Find the line with "this 1200×1600 image." in the data below, then restate it and all remaining lines exactly, adding nothing.

* _RECORDS SUPPLIED_:
☆ ☆ ☆

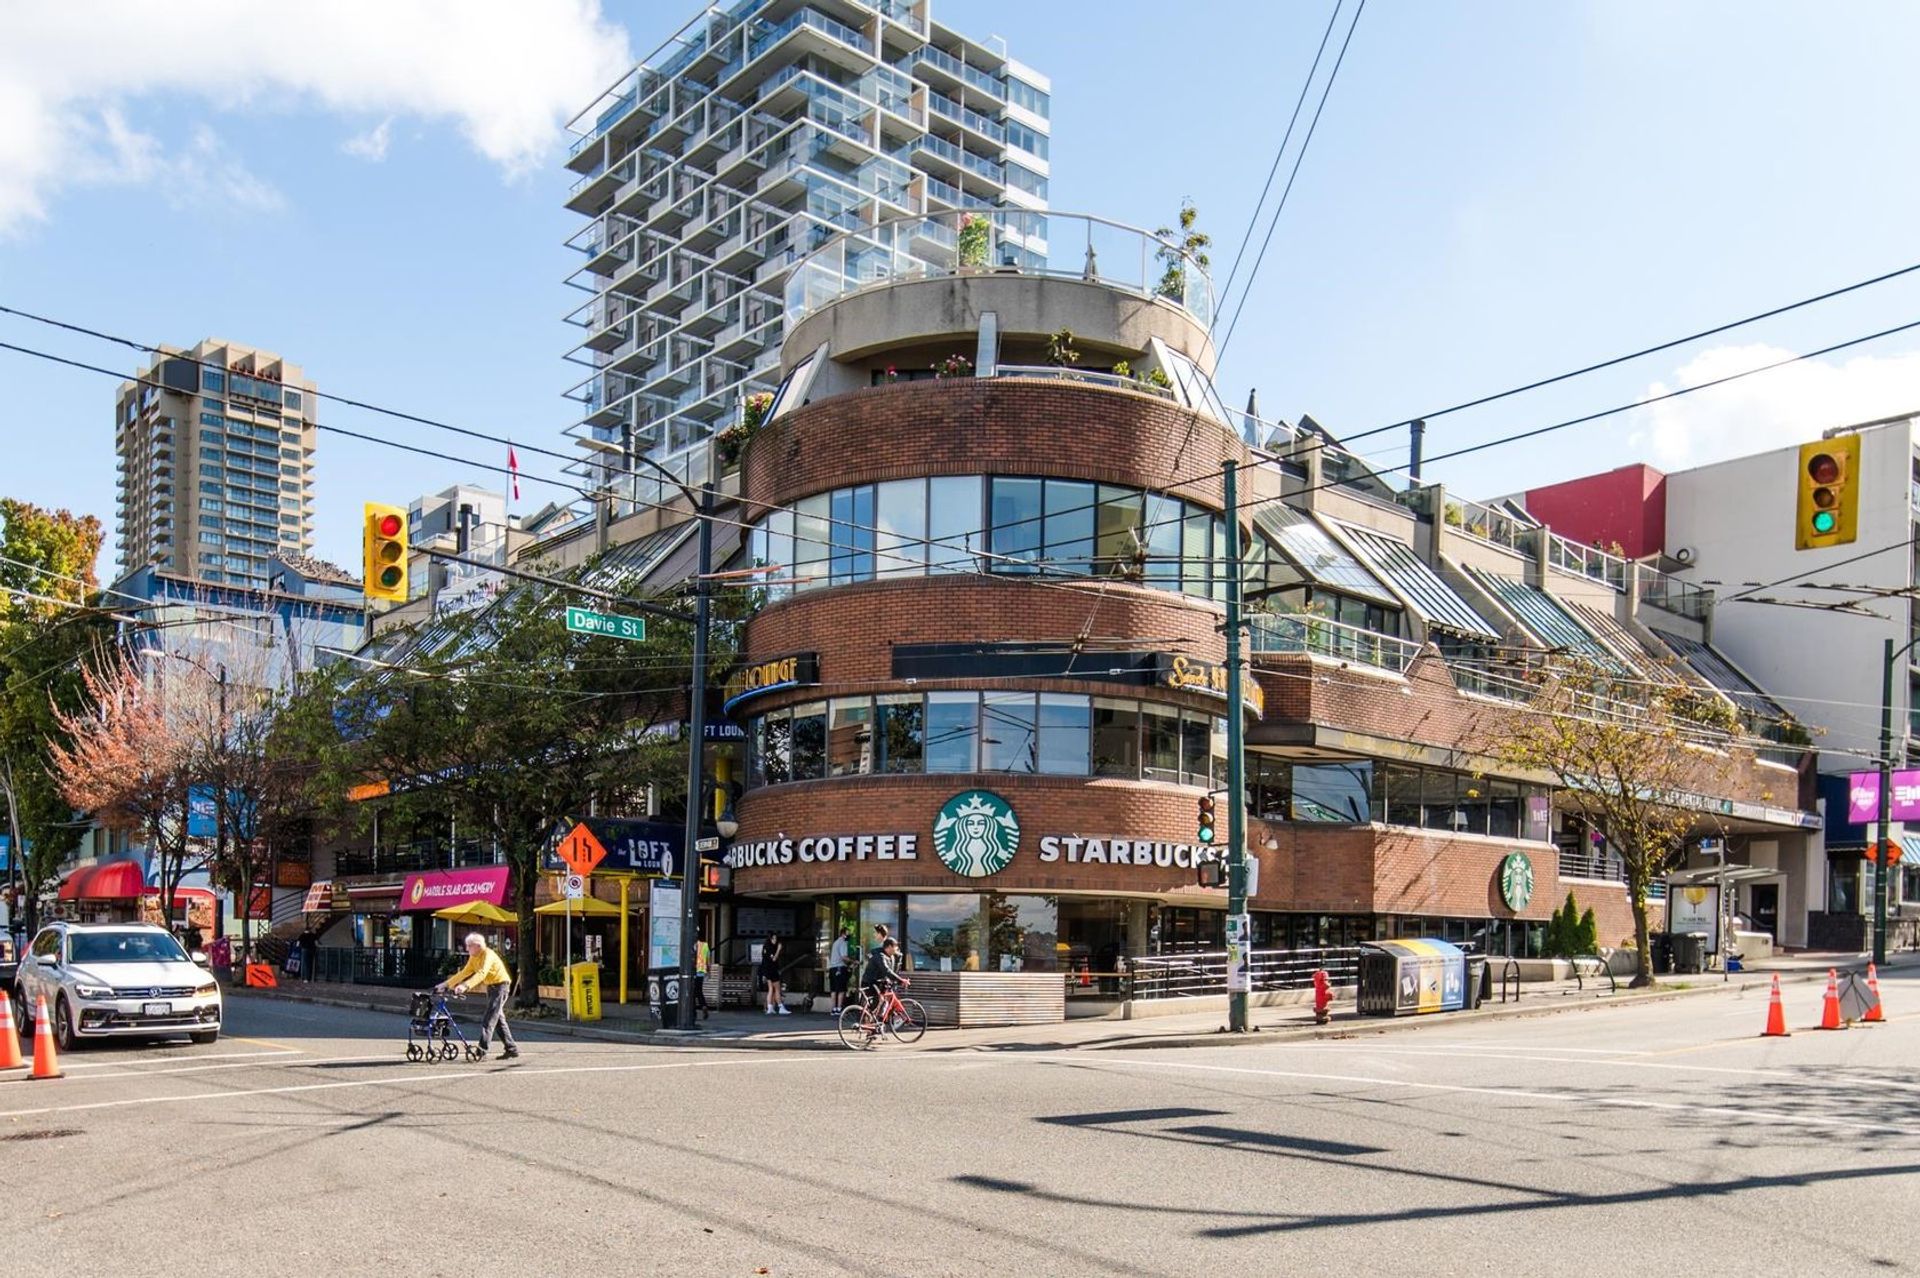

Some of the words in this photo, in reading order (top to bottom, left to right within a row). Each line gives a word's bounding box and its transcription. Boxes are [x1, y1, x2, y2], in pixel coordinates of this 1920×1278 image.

[574, 612, 615, 633] Davie
[621, 619, 638, 636] St
[704, 725, 716, 736] FT
[628, 839, 670, 867] LOFT
[728, 837, 794, 869] RBUCKS
[799, 835, 917, 863] COFFEE
[423, 885, 447, 897] MARBLE
[446, 883, 461, 896] SLAB
[461, 881, 496, 896] CREAMERY
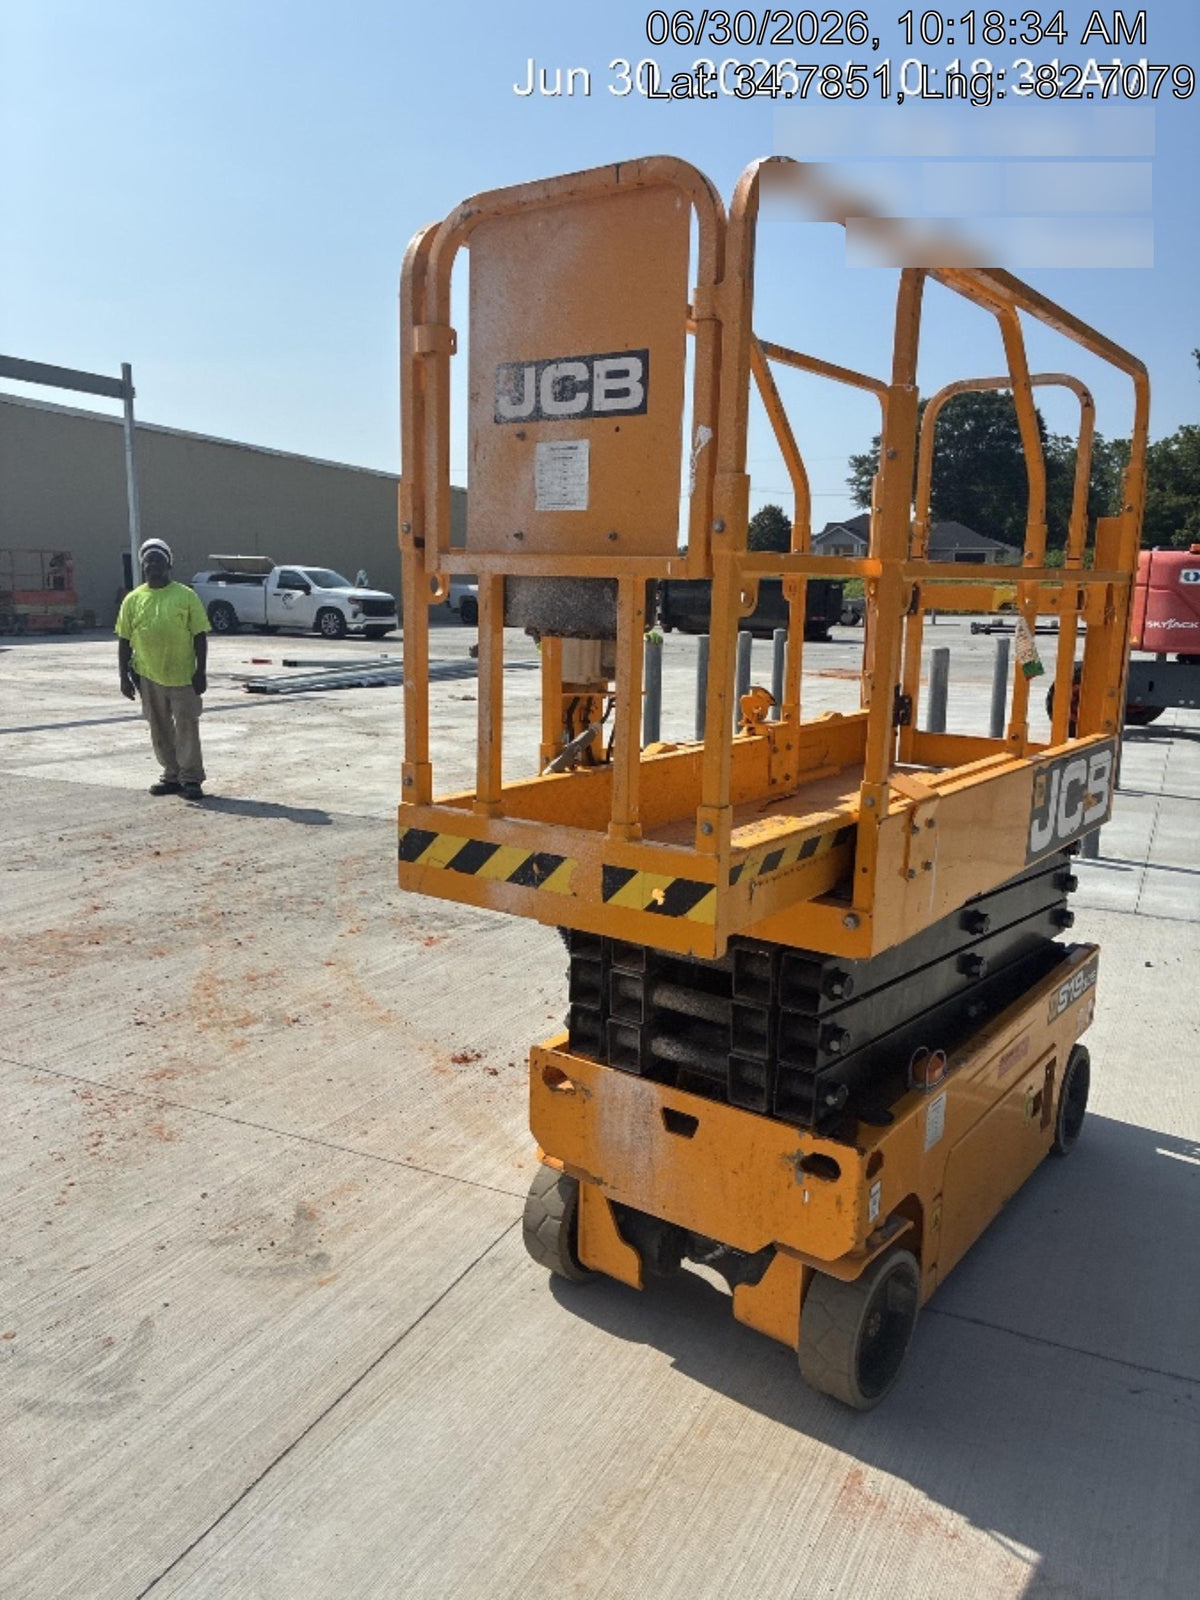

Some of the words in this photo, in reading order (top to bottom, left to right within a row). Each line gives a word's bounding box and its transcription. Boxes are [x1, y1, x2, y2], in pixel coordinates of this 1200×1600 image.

[497, 356, 644, 418] JCB
[1146, 618, 1199, 630] SKYJACK
[1030, 749, 1112, 853] JCB

☆ ☆ ☆

* _ANSWER FOR THE TASK_:
Some of the words in this photo, in reading order (top to bottom, left to right within a row). Each line gives a word's bounding box and its transcription. Boxes are [x1, y1, x2, y2], in pixel coordinates of this 1200×1600 image.

[497, 356, 644, 418] JCB
[1146, 618, 1199, 630] SKYJACK
[1030, 749, 1112, 853] JCB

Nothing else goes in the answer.